Diaspora Jews stand with Women of the Wall

Hundreds simultaneously recite prayer in flashmob event after arrest of Women of the Wall chairwoman Anat Hoffman.

Women of the Wall Flashmob 370 (photo credit: Marc Israel Sellem/The Jerusalem Post)
Women of the Wall Flashmob 370
(photo credit: Marc Israel Sellem/The Jerusalem Post)
Hundreds of people around the world on Monday simultaneously recited the shema prayer in a unique flashmob event, in response to the arrest of Women of the Wall chairwoman Anat Hoffman last week.
Hoffman was arrested during a late night event on October 16 while accompanying approximately 250 members of the Hadassah Women’s Organization to the Western Wall.
The group wanted to recite the shema at the Kotel in honor of the organization’s 100th anniversary. Just before they could begin, policemen approached Hoffman, handcuffed her, and detained her for questioning.
National police spokesman Micky Rosenfeld said Hoffman was “shouting and causing a public disturbance,” as well as wearing a male-style tallit. She was kept overnight after refusing to sign a restraining order that prevented her from going to the Western Wall for 30 days.
“I was handcuffed, strip searched, laid on the bare floor,” Hoffman wrote in an article on The Huffington Post about her night in the Russian Compound jail in downtown Jerusalem.
“I was not allowed to call my lawyer. I was dragged on the floor with my hands cuffed and worst of all, locked in a tiny cell with a crying young Russian woman accused of prostitution, who was the target of every filthy comment male inmates could utter. Her tears and their words are the hardest memory for me to move on from.”
Hoffman’s treatment prompted an outpouring of outrage.
“There has been an unbelievable tsunami of reactions from people all over the world, wanting to do things, appalled at what happened,” said Women of the Wall executive director Lesley Sachs.
Sachs was arrested October 17 during the monthly Rosh Hodesh (“new month”) service along with Women of the Wall board member Rachel Cohen Yeshurun. The police spokesman said the women were also “shouting and screaming and wearing tallitot.”

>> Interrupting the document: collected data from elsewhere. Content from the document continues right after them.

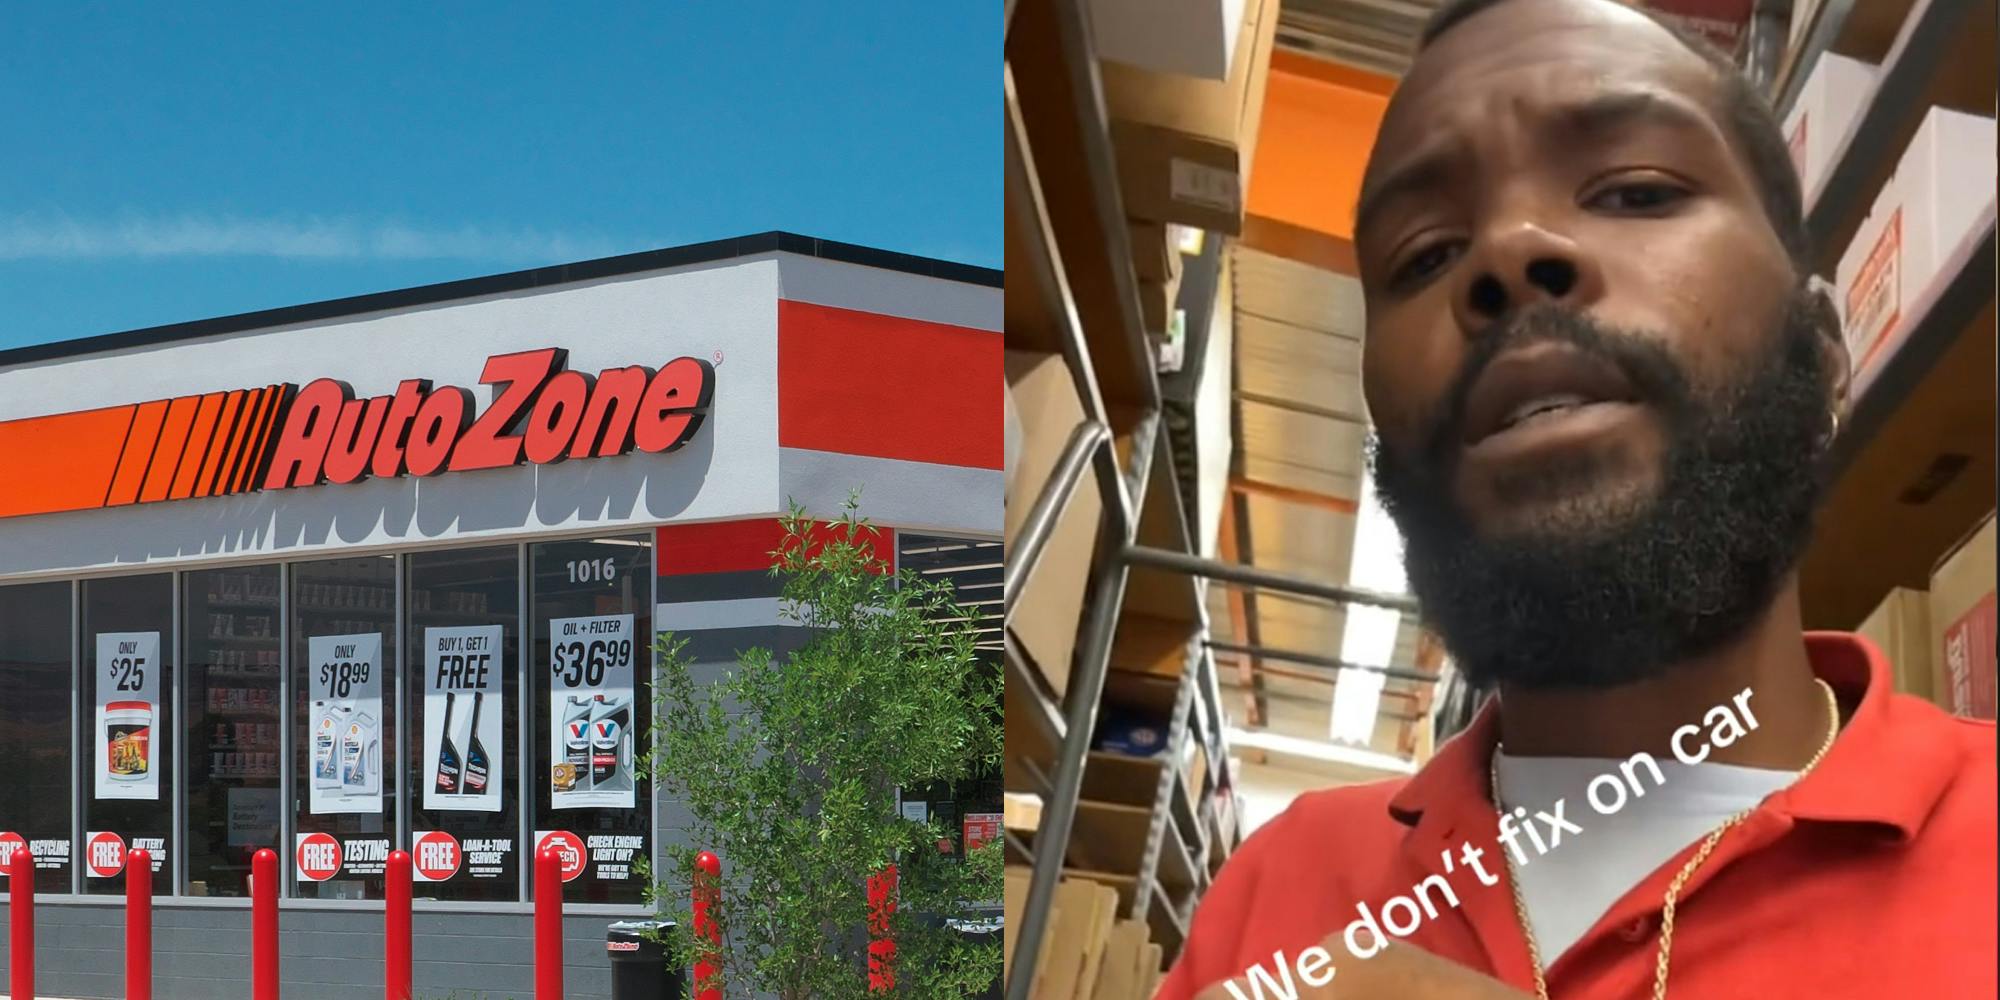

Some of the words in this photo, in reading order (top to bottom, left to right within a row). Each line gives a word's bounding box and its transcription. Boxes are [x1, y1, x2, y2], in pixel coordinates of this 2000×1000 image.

[263, 347, 716, 490] AutoZone
[566, 557, 616, 583] 1016
[563, 622, 578, 636] OIL
[589, 620, 621, 634] FILTER
[118, 641, 138, 655] ONLY
[438, 637, 457, 651] BUY
[466, 636, 483, 651] GET
[484, 635, 488, 650] 1
[334, 644, 356, 659] ONLY
[110, 658, 146, 692] $25
[436, 654, 491, 689] FREE
[29, 840, 71, 856] RECYCLING
[132, 838, 165, 850] BATTERY
[462, 839, 513, 852] LOAN-A-TOOL
[587, 835, 614, 849] CHECK
[614, 835, 643, 849] ENGINE
[93, 841, 121, 868] FREE
[303, 843, 336, 871] FREE
[343, 839, 390, 862] TESTING
[420, 841, 455, 871] FREE
[469, 851, 502, 865] SERVICE
[593, 848, 616, 861] LIGHT
[616, 849, 634, 861] ON?

In response, the United Synagogue of Conservative Judaism in New York organized the “Global Shema Flashmob” via their Facebook page.

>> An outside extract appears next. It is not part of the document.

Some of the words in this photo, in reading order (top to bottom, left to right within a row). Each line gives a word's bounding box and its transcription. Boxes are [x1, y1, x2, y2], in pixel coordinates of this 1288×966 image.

“The arrest of Anat Hoffman compels us to be participants in the creation of a Jewish homeland for all Jews,” the organization wrote. In Jerusalem, students from the Hebrew Union College organized a shema flashmob in downtown Jerusalem’s Zion Square that drew more than 50 people.
Jews from around the world were encouraged to upload videos of themselves saying the shema and explaining why pluralism is important in Israel.
“It’s a hug of solidarity that we’re getting from all over the world,” said Sachs.
Sachs said that Diaspora Jews are more outraged by the treatment of Women of the Wall than Israelis, because they feel a deep connection to the Kotel, and they have grown up in countries with greater religious freedom. She reserved hope that the treatment of Hoffman would inspire change towards the group.
“I hope that each one of these [arrests] is another dent and another chip in wall of indifference that exists here,” she said. “I hope that our leaders here will understand, especially now before elections, that they have to give clear messages about religious pluralism because this is something that matters. One expects Jews all over the world to support Israel and to be here for us.
“Then Israel must understand what’s important to them, and this is important to them: the Kotel and women’s rights.”
The Jerusalem flashmob organizer Alli Cohen, a first-year rabbinical student from Hebrew Union College, was standing right next to Hoffman when she was arrested on Tuesday night.
Both Cohen and fellow Hebrew Union College student Jennifer Rueben, a cantorial student, said that as Americans it was surprising to realize that in Israel not everyone can pray as they wish.
“Here [in Israel], there’s a very Orthodox mentality, even the secular people have an Orthodox mentality because they grew up in an Orthodox world,” said Rueben.
Cohen noted that abroad there is a much larger community of Reform Jews, which could be one reason why they are more vocal.
“But it’s not just about Reform [Judaism], it’s about everyone’s ability to pray in the way that gets them closest to God without persecution and certainly without prosecution,” said Rueben.
Arrests have become a frequent occurrence at the Women of the Wall Rosh Hodesh services, with one or two women usually detained for a number of hours. Police have recently started enforcing a ban on women wearing “male” tallits – black and white or blue and white tallit draped over the shoulders.
Police differentiate these from the “female” tallits, the more colorful tallit worn around the neck like a scarf.